Il y a chez nous quantité d’autres choses qui égalent ou surpassent en valeur celles des étrangers, qui sont entièrement négligées, au lieu de vendre aux étrangers que nos biens superflus, nous leur portons notre argent, et nous devenons pauvres pour les enrichir.
O que si l’Allemagne était bien gouvernée, elle recevrait de commodités de ses voisins ! Certes lorsque Dieu a résolu de châtier une Province, il lui ôte les hommes d’esprit et de jugement, lesquels il lui donne, s’il a dessein de la faire prospérer. Quelle est la cause de l’opulence de Venise et d’Amsterdam, sinon que ces deux puissantes Villes attirent et entretiennent les hommes sages et industrieux, par l’invention desquels ils ont porté leur commerce chez les autres nations, et vendant leurs marchandises, ils ont rempli leur patrie d’or et d’argent ? Il vaut mieux avoir de quoi vendre, que de quoi accepter. Qu’est-ce qui fait besoin à l’Allemagne, qu’elle n’ait reçu de Dieu avec largesse, si elle le savait connaître. La mode est venue de boire et de manger excessivement, de sorte que ceux-là même qui à peine ont du pain à manger, dissipent le peu qu’ils ont dans une honteuse débauche : il n’y a presque personne qui cultive les arts et les sciences, tout le monde aime la fainéantise ; d’où vient que Dieu ajoute plaie sur plaie, et il est à craindre que si nous n’apaisons sa colère par une sérieuse repentance, nous ne sentions encore de plus grands maux, dont sa clémence veuille nous préserver.
Pour revenir à mon sujet, dans le dessein que j’ai eu d’éclaircir les écrits de Paracelse qui a très bien mérité de la patrie ; je vous ai dit et vous le répète encore, ce qu’il enseigne touchant les métaux, dont l’or et l’argent sont extraits, des uns facilement, et des autres avec difficulté ; mais toujours leur ajoutant de l’or et de l’argent, afin que par ce mélange, il rende corporel et fixe, l’or et l’argent qui est dispersé et volatil dans les métaux imparfaits.
Il ajoute ensuite, que si les métaux demeurent trop longtemps sur terre, ils se corrompent, et retournent: en pierre et en terre, dont ils avaient tiré leur origine. Ce qui arrive aussi à l’homme, et à toutes les créatures, n’y ayant rien au monde qui ne soit vain et périssable, à la réserve de la connaissance, de l’amour, et de la crainte de Dieu.
Ce que c’est qu’Alchimie.
L’Alchimie, est une pensée, imagination, invention, par laquelle les espèces des métaux passent d’une nature en l’autre. Chacun donc tâche d’inventer, et de parvenir à la connaissance de la vérité par la spéculation.

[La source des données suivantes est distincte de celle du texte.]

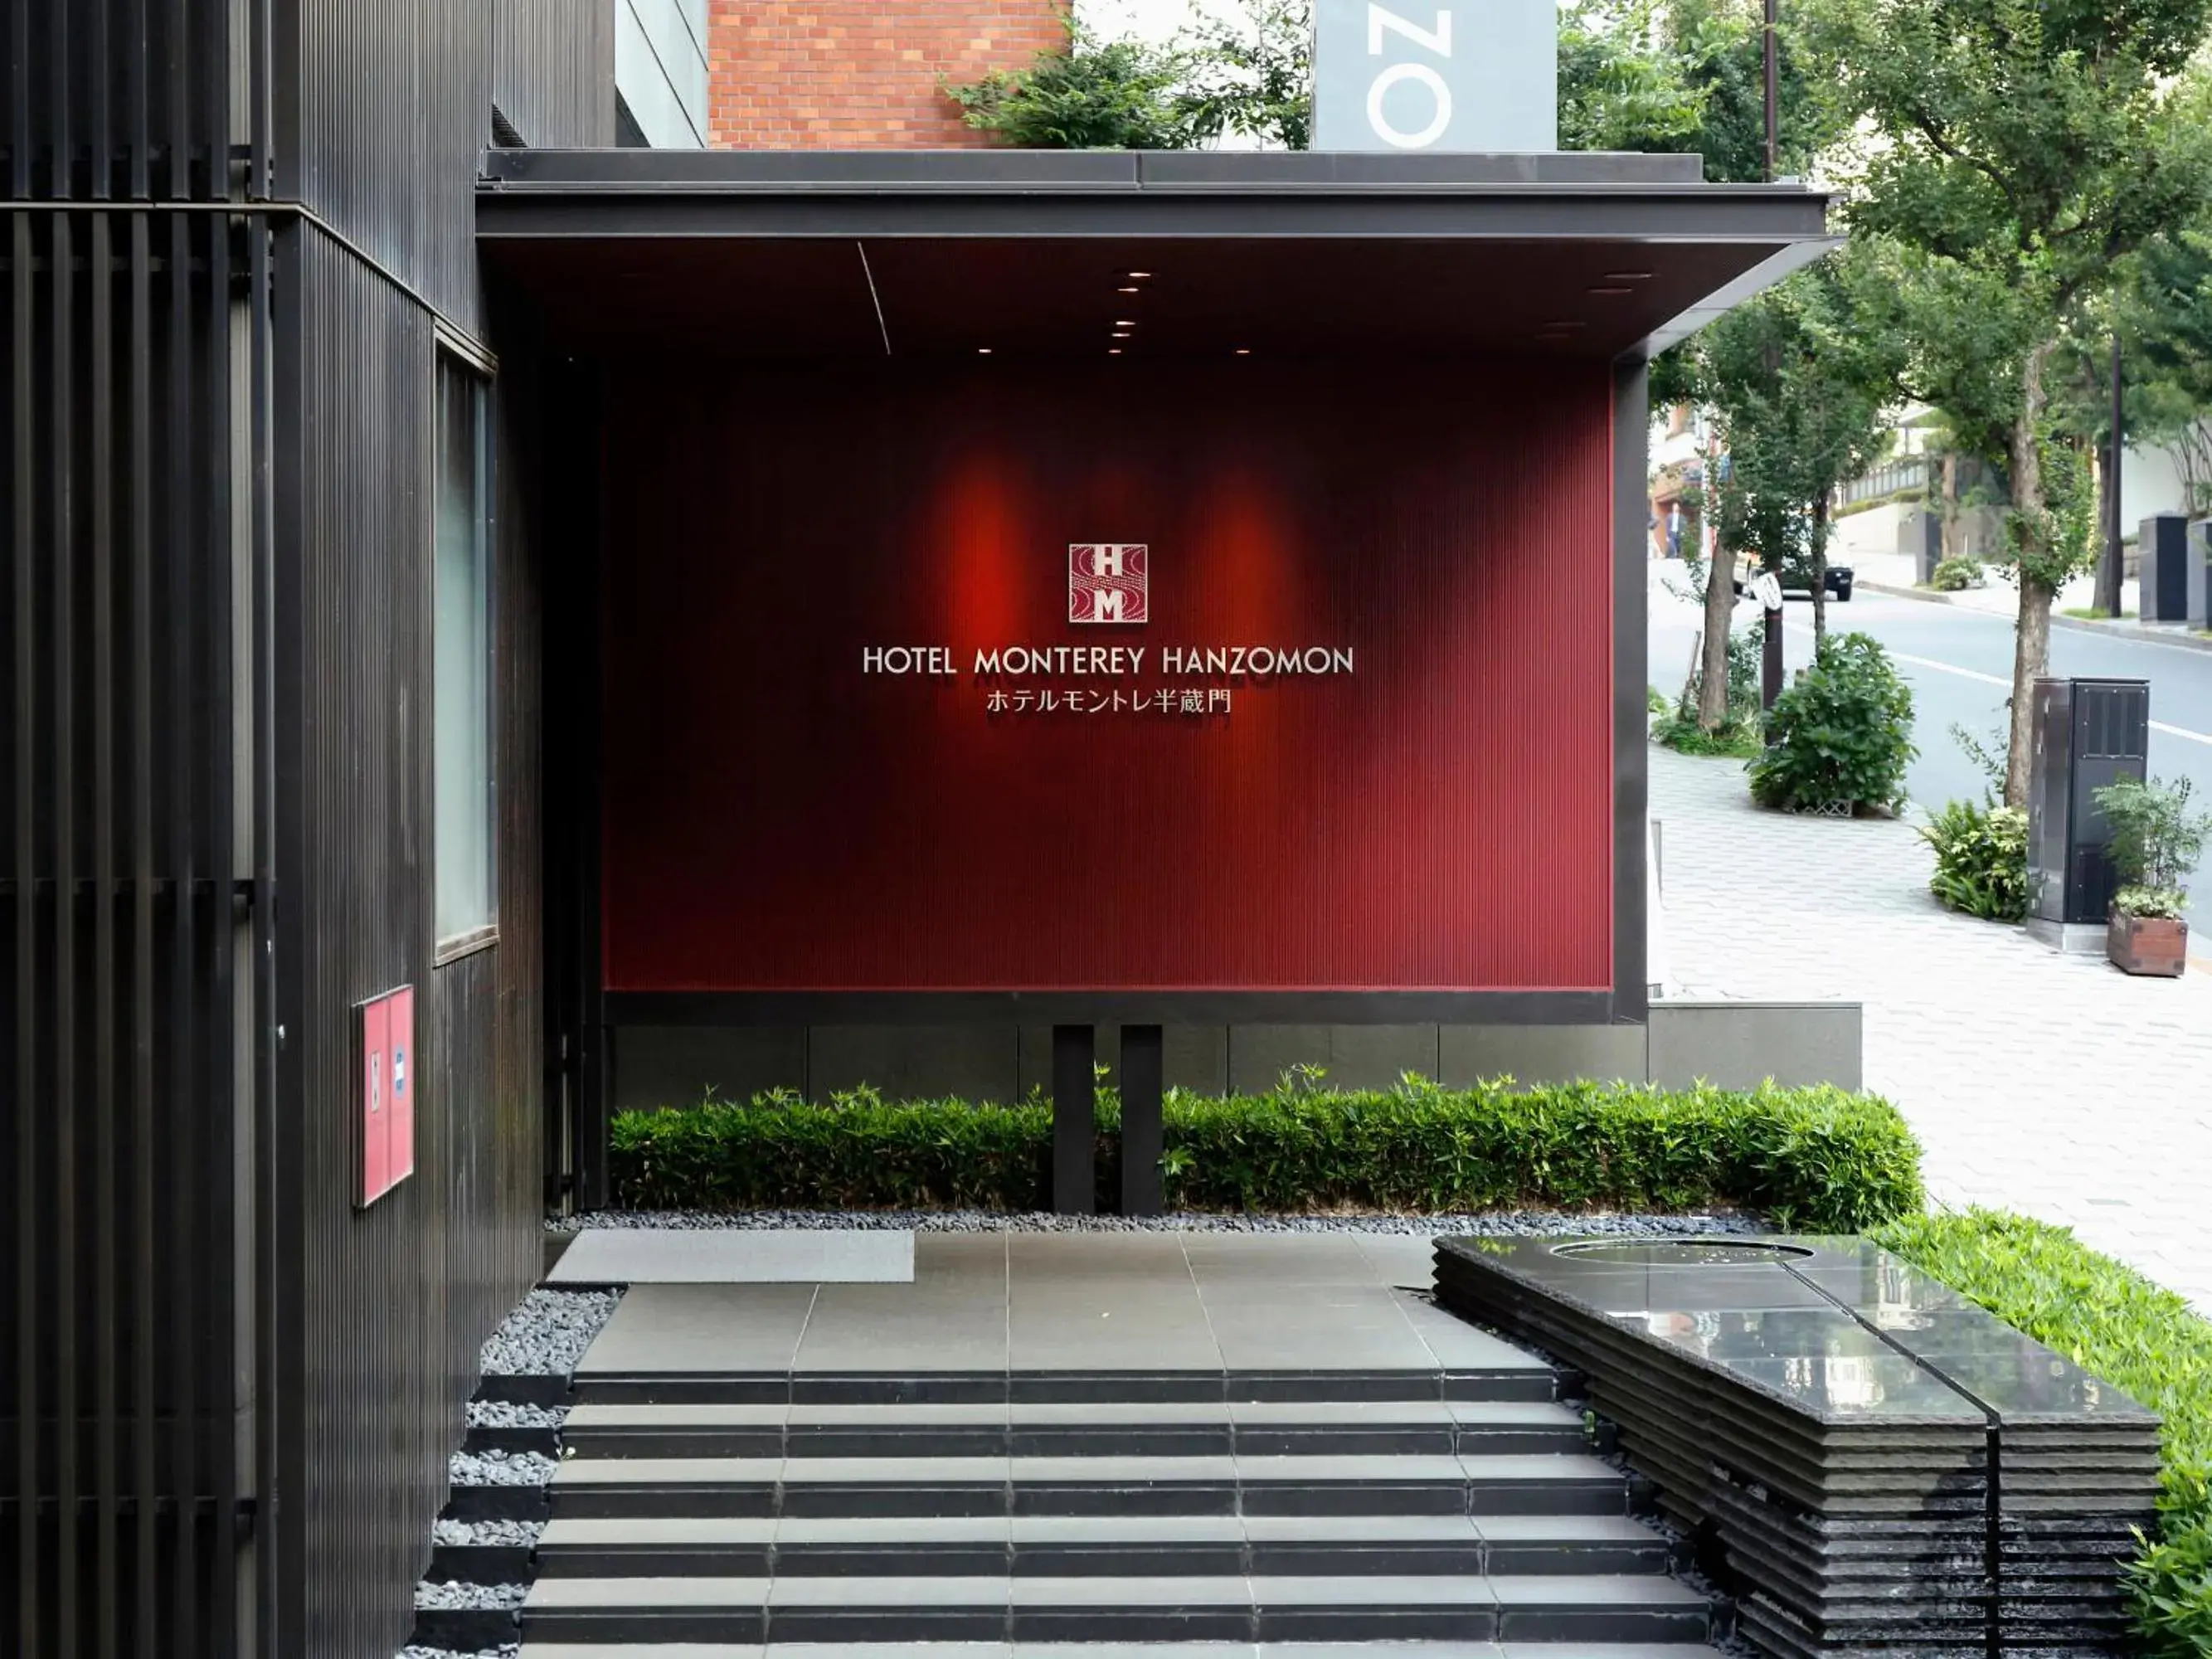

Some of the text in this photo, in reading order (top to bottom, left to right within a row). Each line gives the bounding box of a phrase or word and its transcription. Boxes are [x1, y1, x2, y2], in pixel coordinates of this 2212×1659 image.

[863, 646, 1354, 674] HOTEL MONTEREY HANZOMON
[987, 689, 1232, 713] ホテルモントレ半蔵門

Il faut remarquer, que les astres et les pierres, ont un grand pouvoir : d’autant que les astres sont les esprits, et donnent la forme aux pierres. Le Soleil et la Lune à proprement parler ne sont autre chose en eux-mêmes que des pierres, dont celles de la terre tirent leur naissance, comme étant la brûlure, le charbon, la cendre et l’excrément de celles du ciel, lesquelles étant purgées et séparées sont claires et resplendissantes. Et tout le globe de la terre n’est qu’un amas de pierres tombées, brisées, recuites, mises en une masse, ayant repos et consistance au milieu du cercle du firmament.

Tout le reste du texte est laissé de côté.